I see you dropped the if above and fiber_cleanup doesn't have any
corresponding within. Is this removal an intentional one?

Minor: There is a mess with whitespace above. Feel free to ignore the
remark, since indentation was broken before your changes. I blamed
several lines and it looks more like a ridiculous code style, and not a
problem with editor. Thereby you just implicitly continue the mix.

>  		/* reset pending wakeups */
>  		rlist_del(&fiber->state);
>  		if (! (fiber->flags & FIBER_IS_JOINABLE))
> @@ -1161,7 +1174,7 @@ fiber_destroy(struct cord *cord, struct fiber *f)
>  	assert(f != &cord->sched);
>  
>  	trigger_destroy(&f->on_yield);
> -	trigger_destroy(&f->on_stop);
> +	trigger_destroy(&f->on_cleanup);
>  	rlist_del(&f->state);
>  	rlist_del(&f->link);
>  	region_destroy(&f->gc);
> @@ -1525,8 +1538,8 @@ cord_cojoin(struct cord *cord)
>  int
>  break_ev_loop_f(struct trigger *trigger, void *event)
>  {
> -	(void) trigger;
>  	(void) event;
> +	trigger_clear(trigger);
>  	ev_break(loop(), EVBREAK_ALL);
>  	return 0;
>  }
> @@ -1555,7 +1568,7 @@ cord_costart_thread_func(void *arg)
>  	 * Got to be in a trigger, to break the loop even
>  	 * in case of an exception.
>  	 */
> -	trigger_add(&f->on_stop, &break_ev_loop);
> +	trigger_add(&f->on_cleanup, &break_ev_loop);
>  	fiber_set_joinable(f, true);
>  	fiber_start(f, ctx.arg);
>  	if (!fiber_is_dead(f)) {
> diff --git a/src/lib/core/fiber.h b/src/lib/core/fiber.h
> index c5b975513..21fff8f88 100644
> --- a/src/lib/core/fiber.h
> +++ b/src/lib/core/fiber.h
> @@ -458,8 +458,17 @@ struct fiber {
>  
>  	/** Triggers invoked before this fiber yields.

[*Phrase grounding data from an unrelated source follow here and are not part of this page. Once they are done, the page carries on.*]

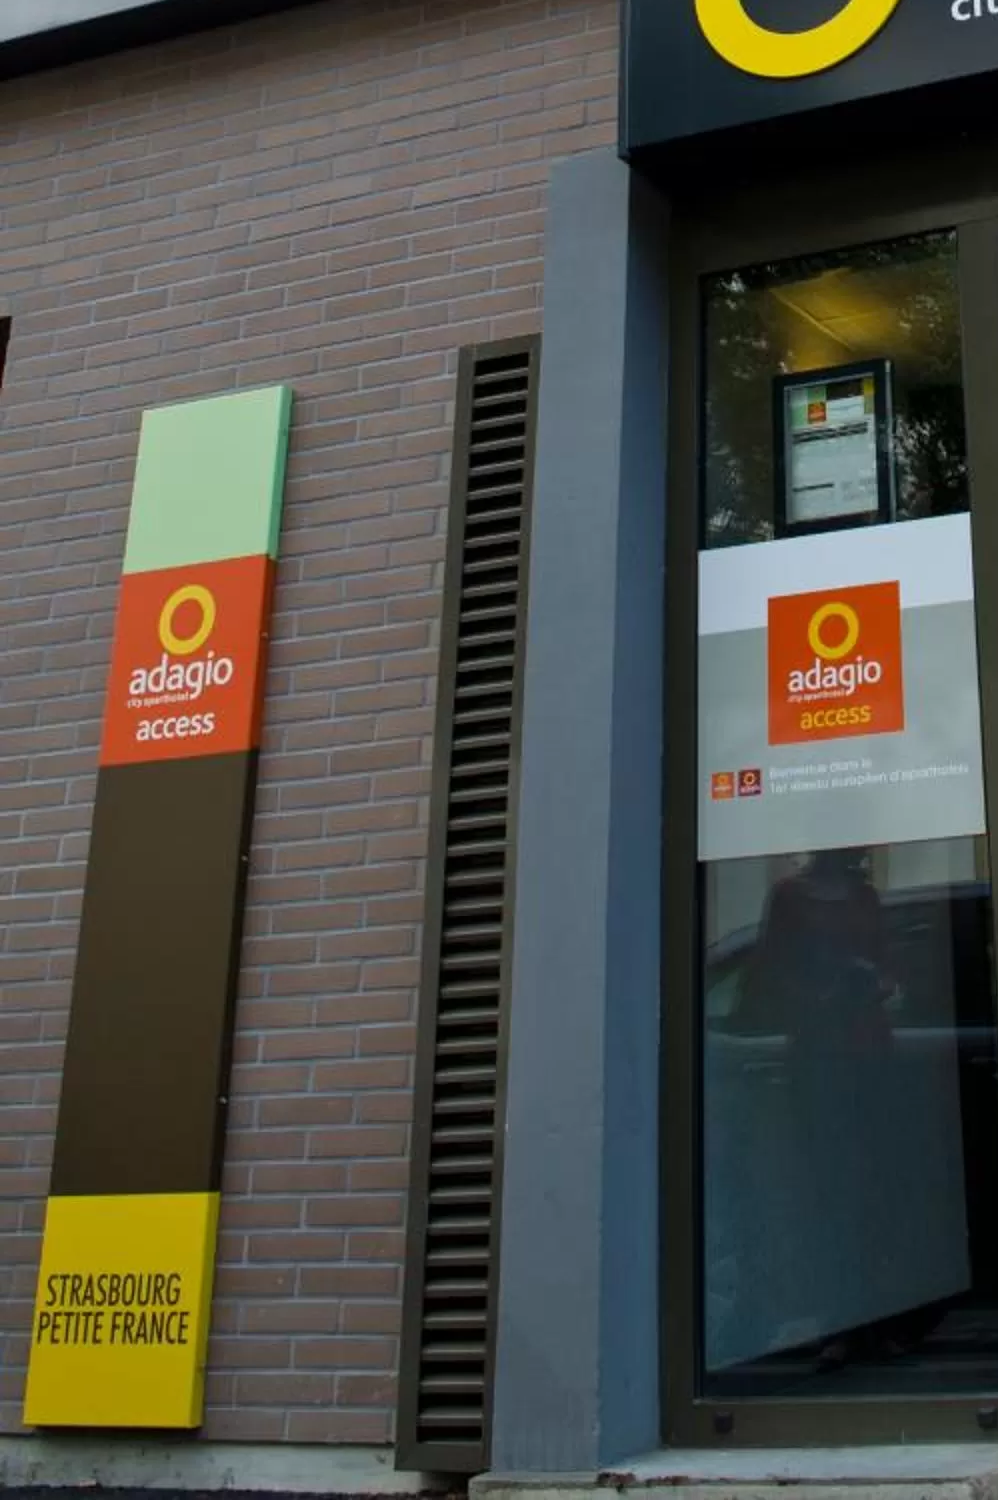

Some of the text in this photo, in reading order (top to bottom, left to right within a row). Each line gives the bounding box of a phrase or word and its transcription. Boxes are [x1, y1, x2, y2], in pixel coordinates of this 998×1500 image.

[129, 650, 234, 699] adagio
[787, 655, 882, 696] adagio
[136, 712, 215, 741] access
[800, 704, 872, 729] access
[45, 1273, 182, 1306] STRASBOURG
[37, 1311, 190, 1344] PETITE FRANCE
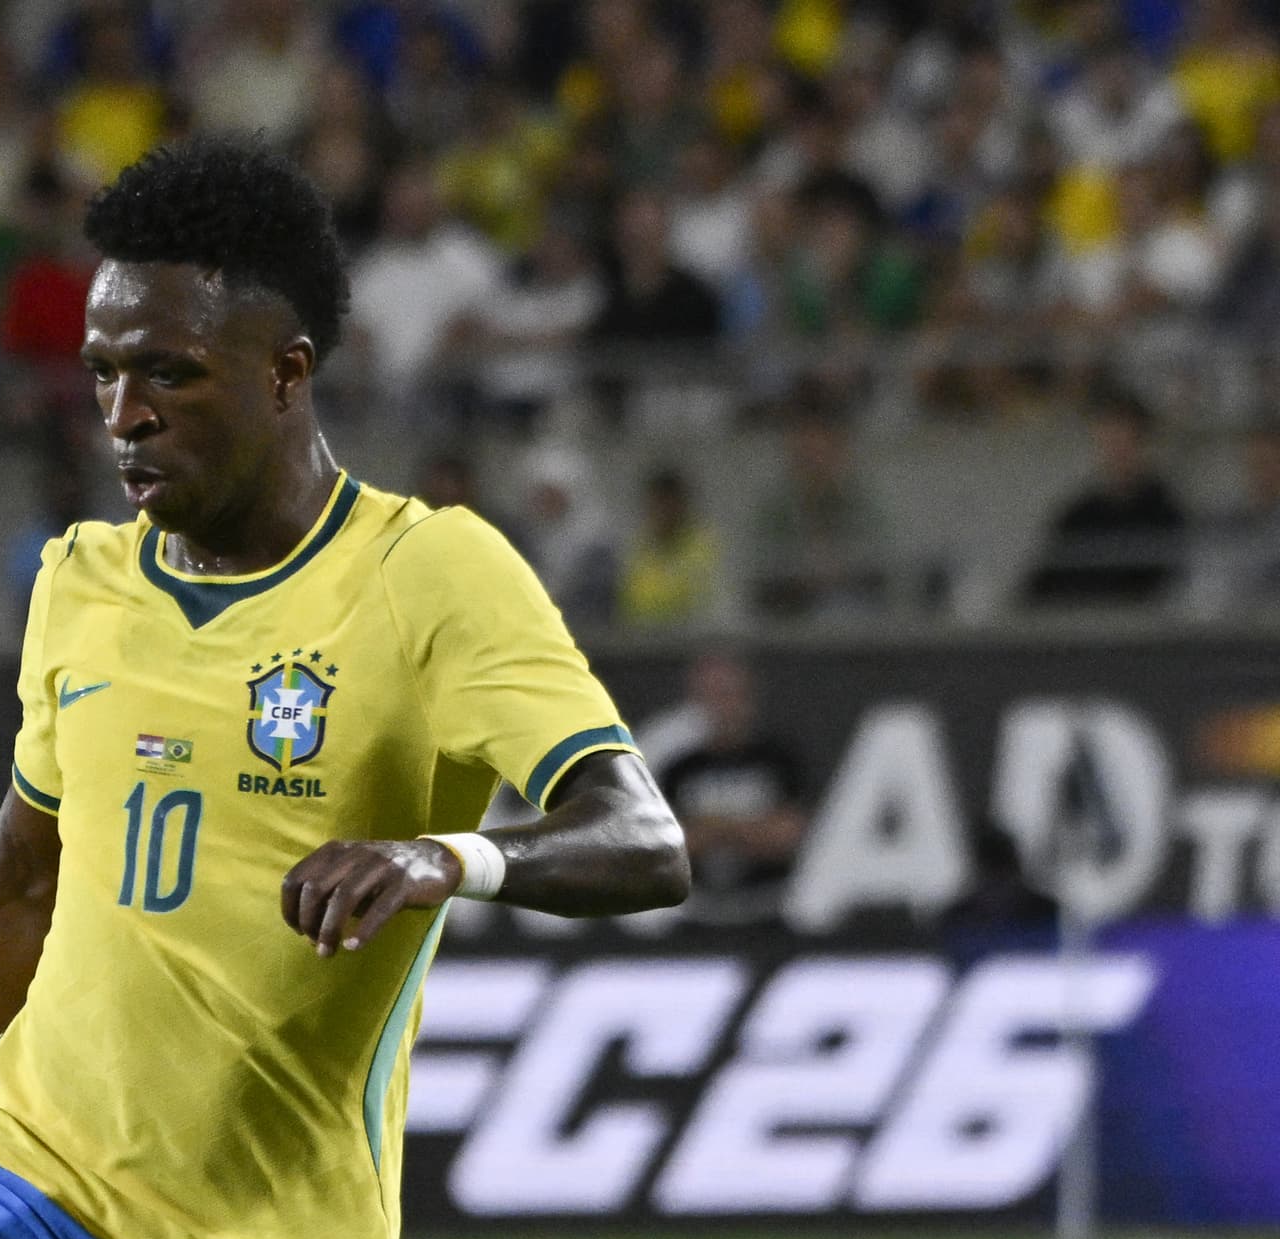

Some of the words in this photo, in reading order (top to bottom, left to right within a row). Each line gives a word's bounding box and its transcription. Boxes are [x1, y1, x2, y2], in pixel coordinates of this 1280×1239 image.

[270, 705, 303, 721] CBF
[237, 772, 327, 799] BRASIL
[117, 780, 204, 914] 10
[1181, 788, 1280, 928] T

Must not throw. */
>  	struct rlist on_yield;
> -	/** Triggers invoked before this fiber stops.  Must not throw. */
> -	struct rlist on_stop;
> +	/**
> +	 * Triggers invoked before this fiber is
> +	 * stopped/reset/recycled/destroyed/reused. In other
> +	 * words, each time when the fiber has finished execution
> +	 * of a request.
> +	 * In particular, for fibers not from fiber pool the
> +	 * cleanup is done before destroy and death.
> +	 * Pooled fibers are cleaned up after each request, even
> +	 * if they are never destroyed.
> +	 */
> +	struct rlist on_cleanup;

Minor: both trigger lists above has the "Must not throw" note. Does the
introduced list respect this rule? Please, adjust the comment if yes.

>  	/**
>  	 * The list of fibers awaiting for this fiber's timely
>  	 * (or untimely) death.
> @@ -506,6 +515,10 @@ struct fiber {
>  	char name[FIBER_NAME_MAX + 1];
>  };
>  
> +/** Invoke cleanup triggers and delete them. */
> +void
> +fiber_cleanup(struct fiber *f);
> +
>  struct cord_on_exit;
>  
>  /**
> diff --git a/src/lua/fiber.c b/src/lua/fiber.c
> index a7b75f9bf..4d2828f1c 100644
> --- a/src/lua/fiber.c
> +++ b/src/lua/fiber.c
> @@ -441,11 +441,6 @@ lua_fiber_run_f(MAYBE_UNUSED va_list ap)
>  	int coro_ref = lua_tointeger(L, -1);
>  	lua_pop(L, 1);
>  	result = luaT_call(L, lua_gettop(L) - 1, LUA_MULTRET);
> -
> -	/* Destroy local storage */
> -	int storage_ref = f->storage.lua.ref;
> -	if (storage_ref > 0)
> -		luaL_unref(tarantool_L, LUA_REGISTRYINDEX, storage_ref);
>  	/*
>  	 * If fiber is not joinable
>  	 * We can unref child stack here,
> @@ -606,12 +601,43 @@ lbox_fiber_name(struct lua_State *L)
>  	}
>  }
>  
> +/**
> + * Trigger invoked when the fiber has finished execution of its
> + * current request. Only purpose - delete storage.lua.ref keeping
> + * a reference of Lua fiber.storage object. Unlike Lua stack,
> + * Lua fiber storage may be created not only for fibers born from
> + * Lua land. For example, an IProto request may execute a Lua
> + * function, which can create the storage. Trigger guarantees,
> + * that even for non-Lua fibers the Lua storage is destroyed.
> + */
> +static int
> +lbox_fiber_on_cleanup(struct trigger *trigger, void *event)
> +{
> +	struct fiber *f = (struct fiber *) event;
> +	int storage_ref = f->storage.lua.ref;
> +	assert(storage_ref > 0);
> +	luaL_unref(tarantool_L, LUA_REGISTRYINDEX, storage_ref);
> +	f->storage.lua.ref = 0;

Though 0 value is specific "ref" (a table slot, where the LRU ref is
stored) and this value cannot be yield from luaL_ref. Please, consider
using LUA_NOREF value for such cases, since it's being provided by Lua
and lua_unref does nothing for it, as well as for LUA_REFNIL.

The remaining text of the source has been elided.